According to first witness accounts of Peter Hamor and Piotr Morawski, the Sherpas did not make it to the summit, stopping to the point where initially Jorge was and then they went down. You can just imagine about the clients...
When asked in base camp by Polish Pawel Michalski, how many persons from Kobler's team summited, Klaus, the outfitter's guide, answered he doesn't know, since it was fog. So, one guy, guiding one eight thousand meter peak, did not know, three days after the ascent, how many of his clients summited!
Jorge Egocheaga, cited by ExplorersWeb at http://www.k2climb.net/news.php?id=17402 said: "spaniards Rafael Belderrain, Jorge Egocheaga and Martin Ramos reached the summit of GII on Sunday morning". In a later base camp talk with Italian Simone La Terra, Rafael declared he was on the summit with Kobler's two sherpas (the same Sherpas Hamor and Morawski have been clearly seen as not summiting)...

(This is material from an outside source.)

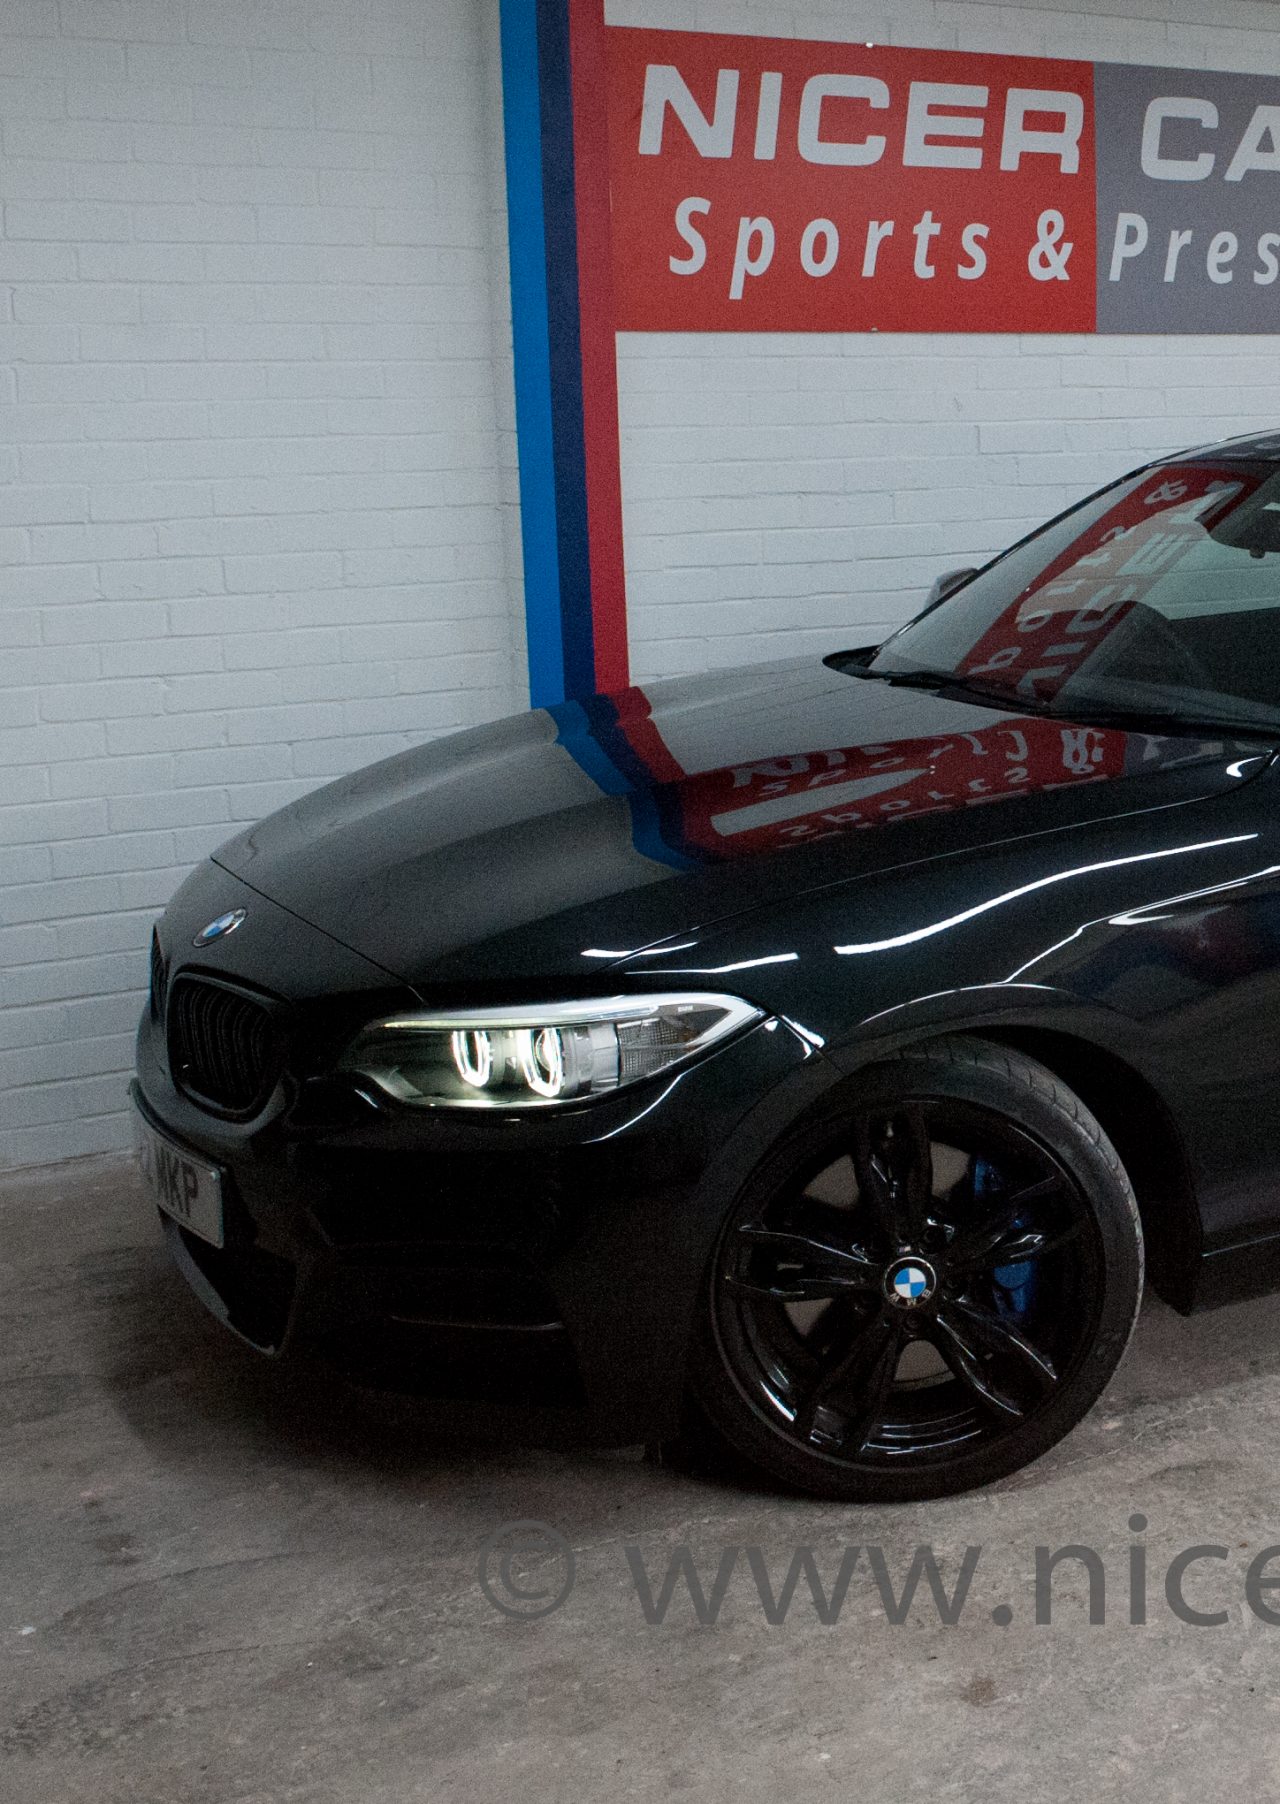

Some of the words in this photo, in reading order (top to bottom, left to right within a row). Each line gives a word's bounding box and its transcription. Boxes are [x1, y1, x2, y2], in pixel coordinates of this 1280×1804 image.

[638, 63, 1085, 175] NICER
[669, 196, 990, 300] Sports
[1027, 209, 1075, 283] &

Last year two of the Amical Alpin clients died on Gashebrum 2 in an avalanche (plus one into the Base Camp) and more being injured in what was a crazy summit push determined by the lack of time. The guide totally disconsidered the highly dangerous conditions up the mountain and went up immediately just after one week of heavy snowfall.
On July 8th the helicopters evacuated two clients. One from Amical Alpin. One from Kobler&Partner. One with pulmonary edema (he was brought back to base camp with severe frostbite as well as breathing supplementary oxygen). The other with snow oftalmy. It shall be noted that until before the summit push, the clients only spent one acclimatization night at 6400m only. Where is the responsibility of the guides for their clients?

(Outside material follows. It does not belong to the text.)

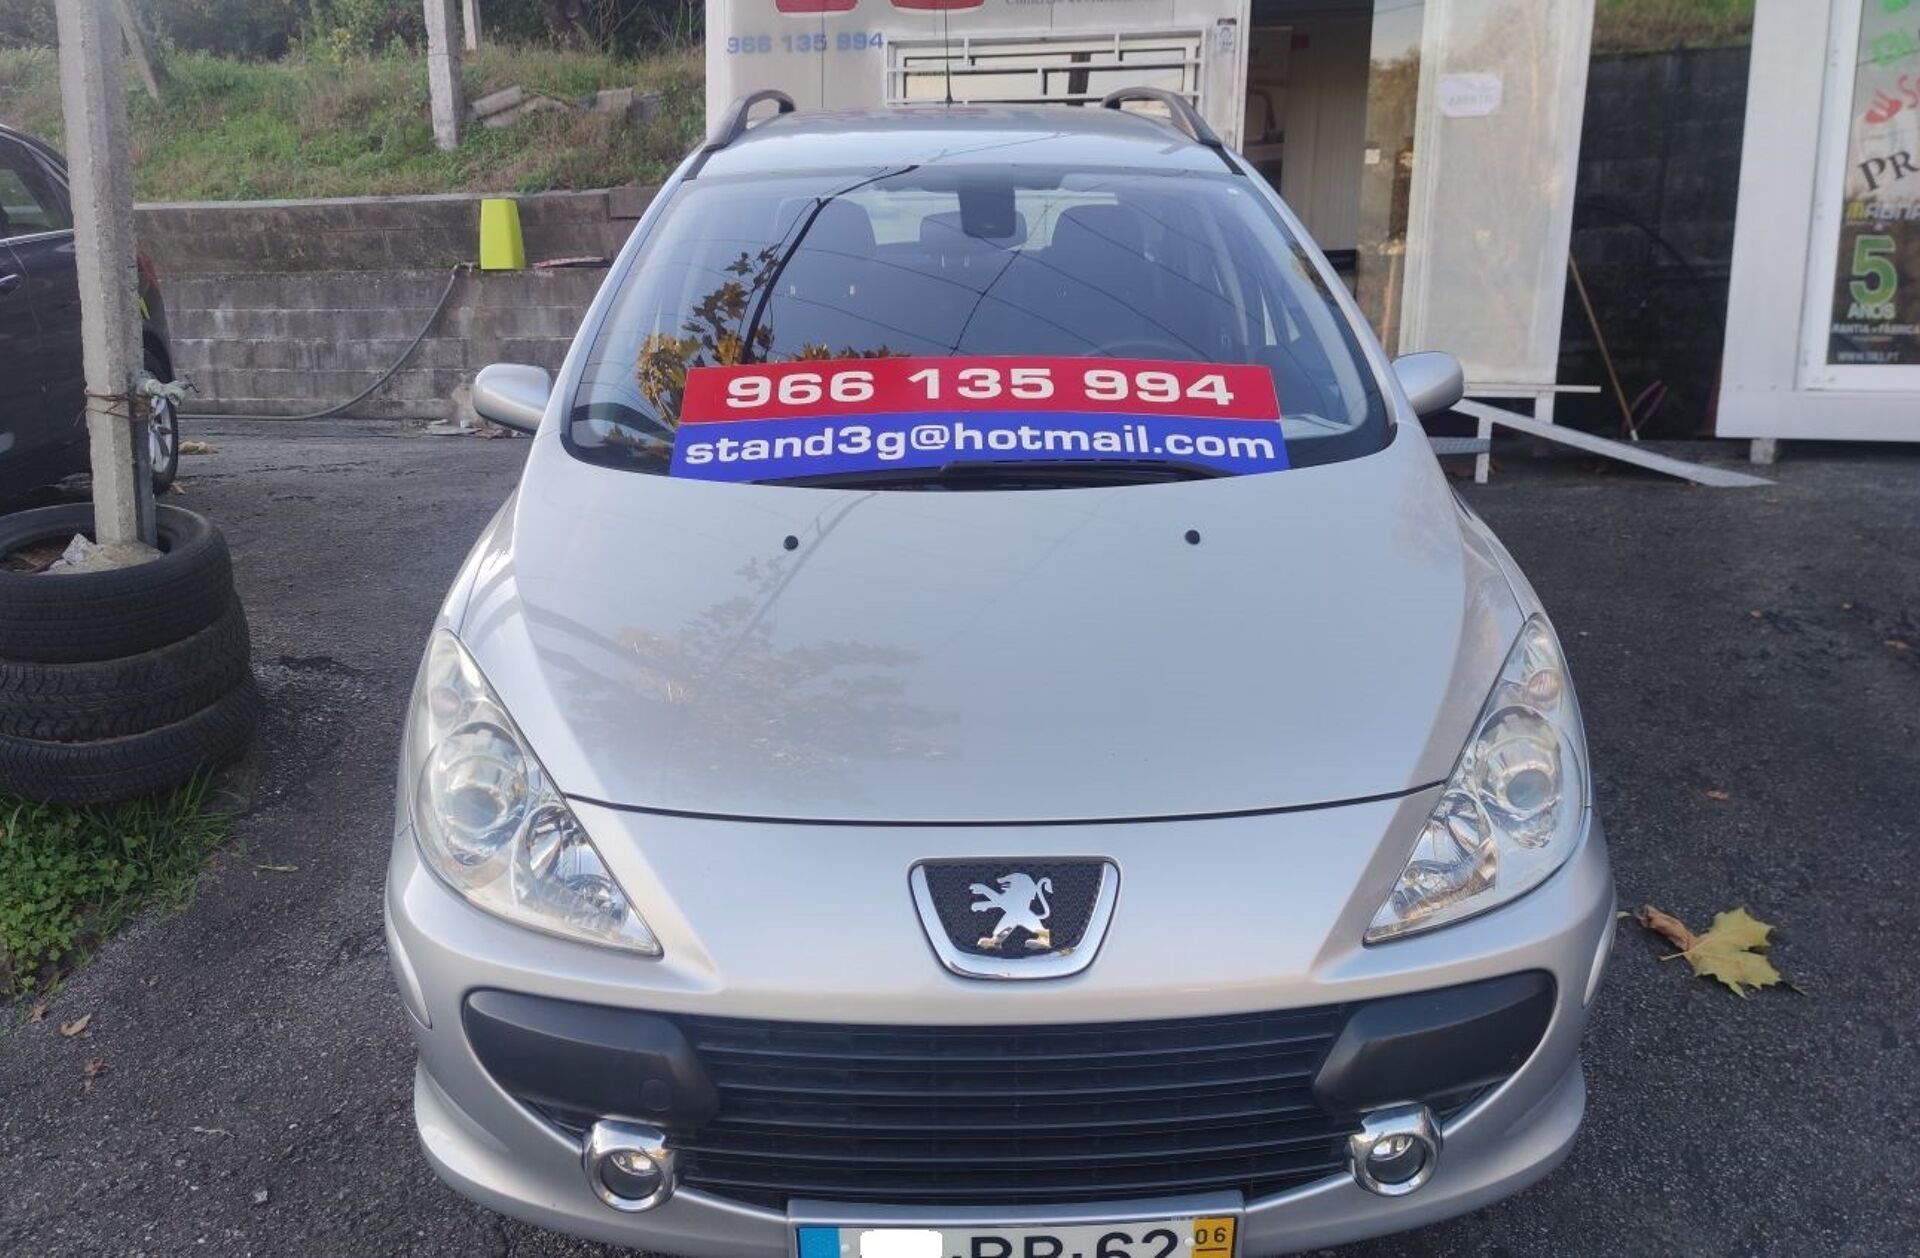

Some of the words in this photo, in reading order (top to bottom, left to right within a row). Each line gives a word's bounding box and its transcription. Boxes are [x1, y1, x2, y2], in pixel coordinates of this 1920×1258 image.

It is all about money, big money for the commercial outfitters. And for that they need the summit. The summit became "a must" for the safety of their future business.
And then you have a look at the statistics. And you see an incredible number of "summits". And say for yorself...wow!!!...G2 might be the right mountain for me. And then you come here and you die. If there are no fix roped in the key sections, maybe 80% of the people will not get to Camp Two, let alone reaching the summit.
Having just reach the summit plateau of Cho Oyu is not the summit, Sisha Central is not Sisha summit, Broad Peak rocky fore summit is not Broad Peak summit, fifty meters under a summit is not the summit etc etc etc. Sorry! Sorry ! Sorry! …but no sorry!
I wrote this from a deep respect of the bold mountaineers who have the power to turn only few meters from the summit due to bad weather or poor mountain conditions and have the dignity to say "I did not reach the summit!"
What do we call a summit?
I think the true answer deeply resonates in all of us, and we might as well get the "glory" and the appreciation of the others as being "the summiters" but we will never be able to hide the facts from ourselves.